A expressão preocupada de Silena dissolveu-se como a água da chuva despencando dos céus e misturando-se às águas do oceano, formando uma homogênea linha de alívio. Suas pálpebras fecharam-se momentaneamente em uma profusão de contentamento e realização, satisfeita pelo seu triunfo sobre as palavras. Ao abri-los mais uma vez, por um instante Percy foi capaz de vislumbrar Annabeth, seus olhos e sua feição contrastando-se na suavidade perspicaz de Silena. Seus lábios rosadas afloraram na pintura que Percy contemplava em uma vivaz cúmplice de complacência inocente. Ela escalou seus ombros e pendurou-se em seu pescoço, impondo-lhe uma pressão fraquejada que Percy cedeu, curvando-se para seu corpinho miúdo e enroscando-a em seus braços fortes e acolhedores.

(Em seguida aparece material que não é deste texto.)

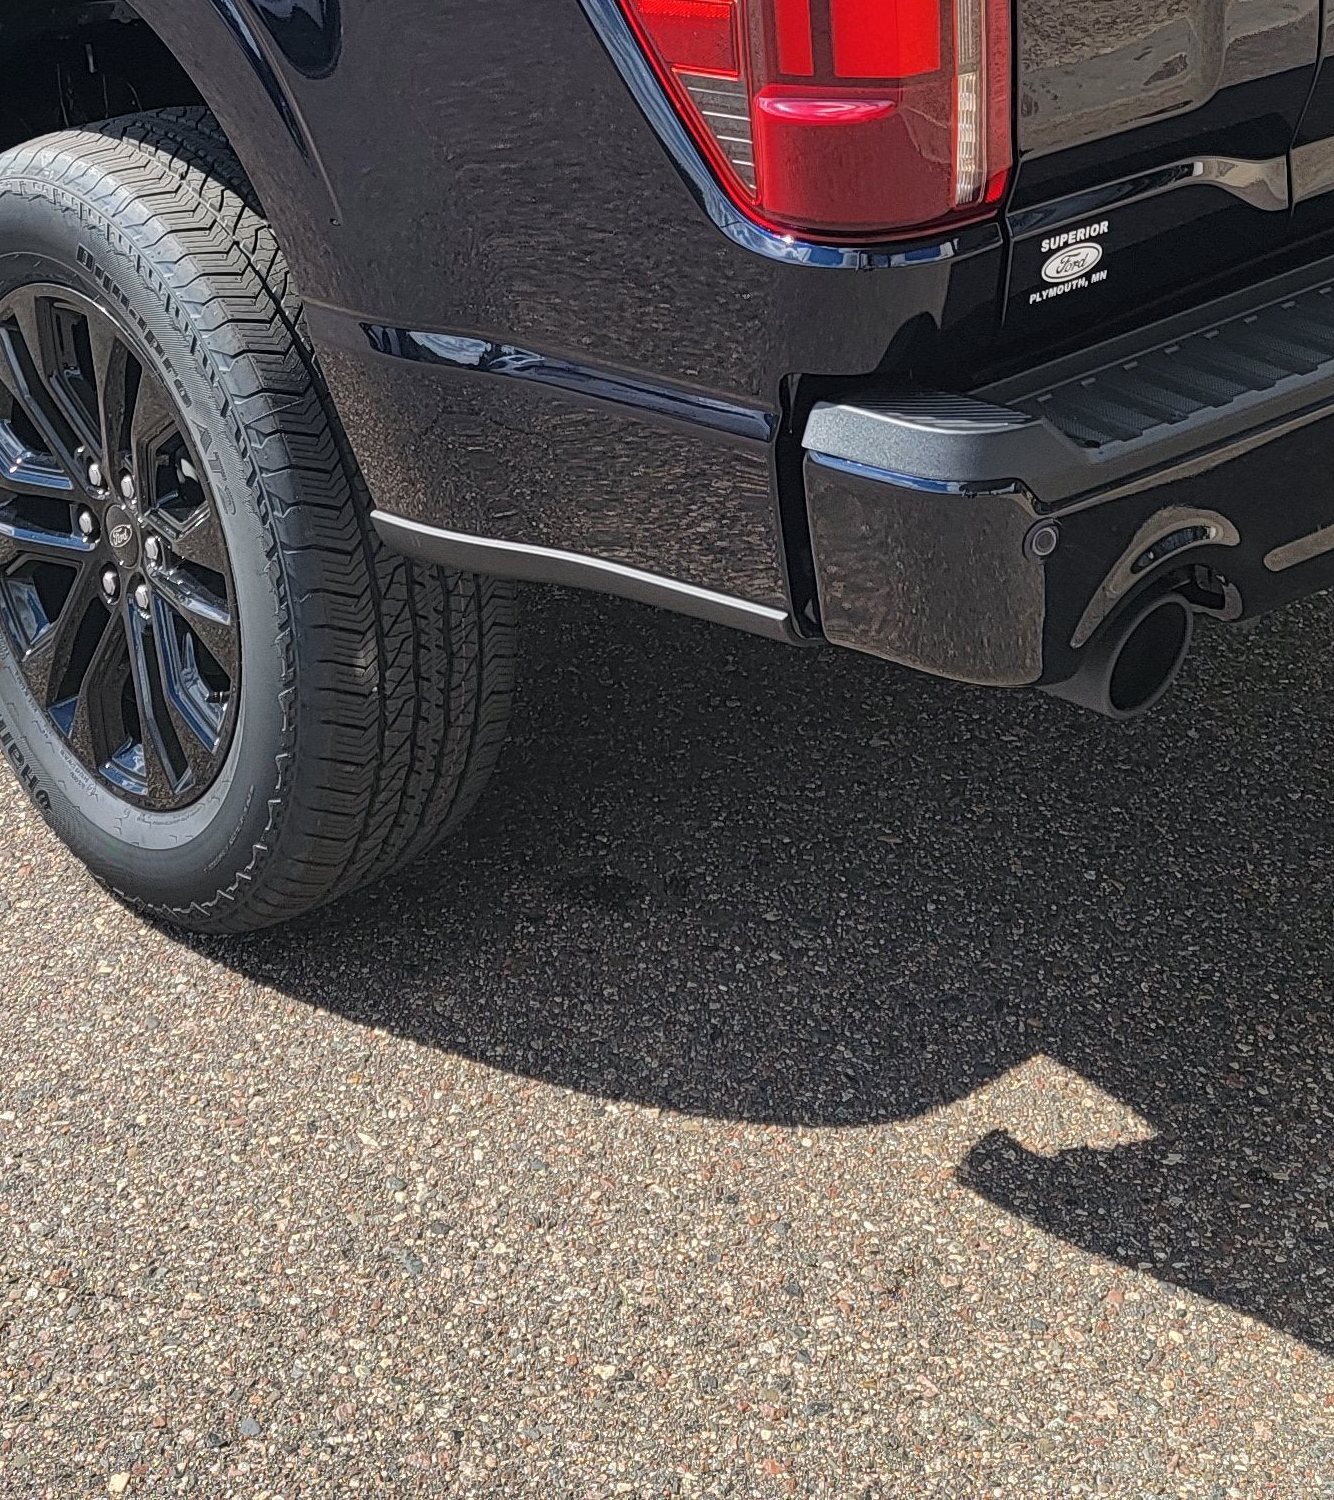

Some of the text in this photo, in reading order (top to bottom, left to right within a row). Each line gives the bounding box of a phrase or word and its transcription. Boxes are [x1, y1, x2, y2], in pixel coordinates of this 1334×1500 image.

[1040, 221, 1109, 252] SUPERIOR
[1056, 252, 1089, 274] Ford
[1029, 270, 1108, 304] PLYMOUTH, MN

Ele queria poder abrigá-la em seu calor, salvaguardando-a de quaisquer perigos e ameaças o qual o mundo onde viviam poderia acobertá-la, e iria; embora realizasse todo o possível para deixá-la em um amortecedor e protegido caminho, sabia que não deveria prendê-la a ponto de impedir seu desenvolvimento. Um momento, ou outro, ela iria acabar ferindo-se. E com essa ferida, a qual iria cicatrizar-se, ela iria aprender mais um princípio. E Percy estava perseverante em sua decisão de evitar com que isso acontecesse – ou, ao menos, ensiná-la de um modo onde ela iria apenas conservar sua sabedoria, reduzindo a torturante consequência em um fiapo desvanecido pelas correias do vento do passado, sem precisar acabar em uma encruzilhada sem saída, ou volta; ou precisar suportar a agonizante ferida crispada que teria de carregar como fardo em uma longa empreitada sem retorno, onde a inclinação inquire sua desavença entre a cônscia barra de ferro cravada em segurança em um entrave de apoio e orientação. Ele seria seu guia. Ou assim desejava.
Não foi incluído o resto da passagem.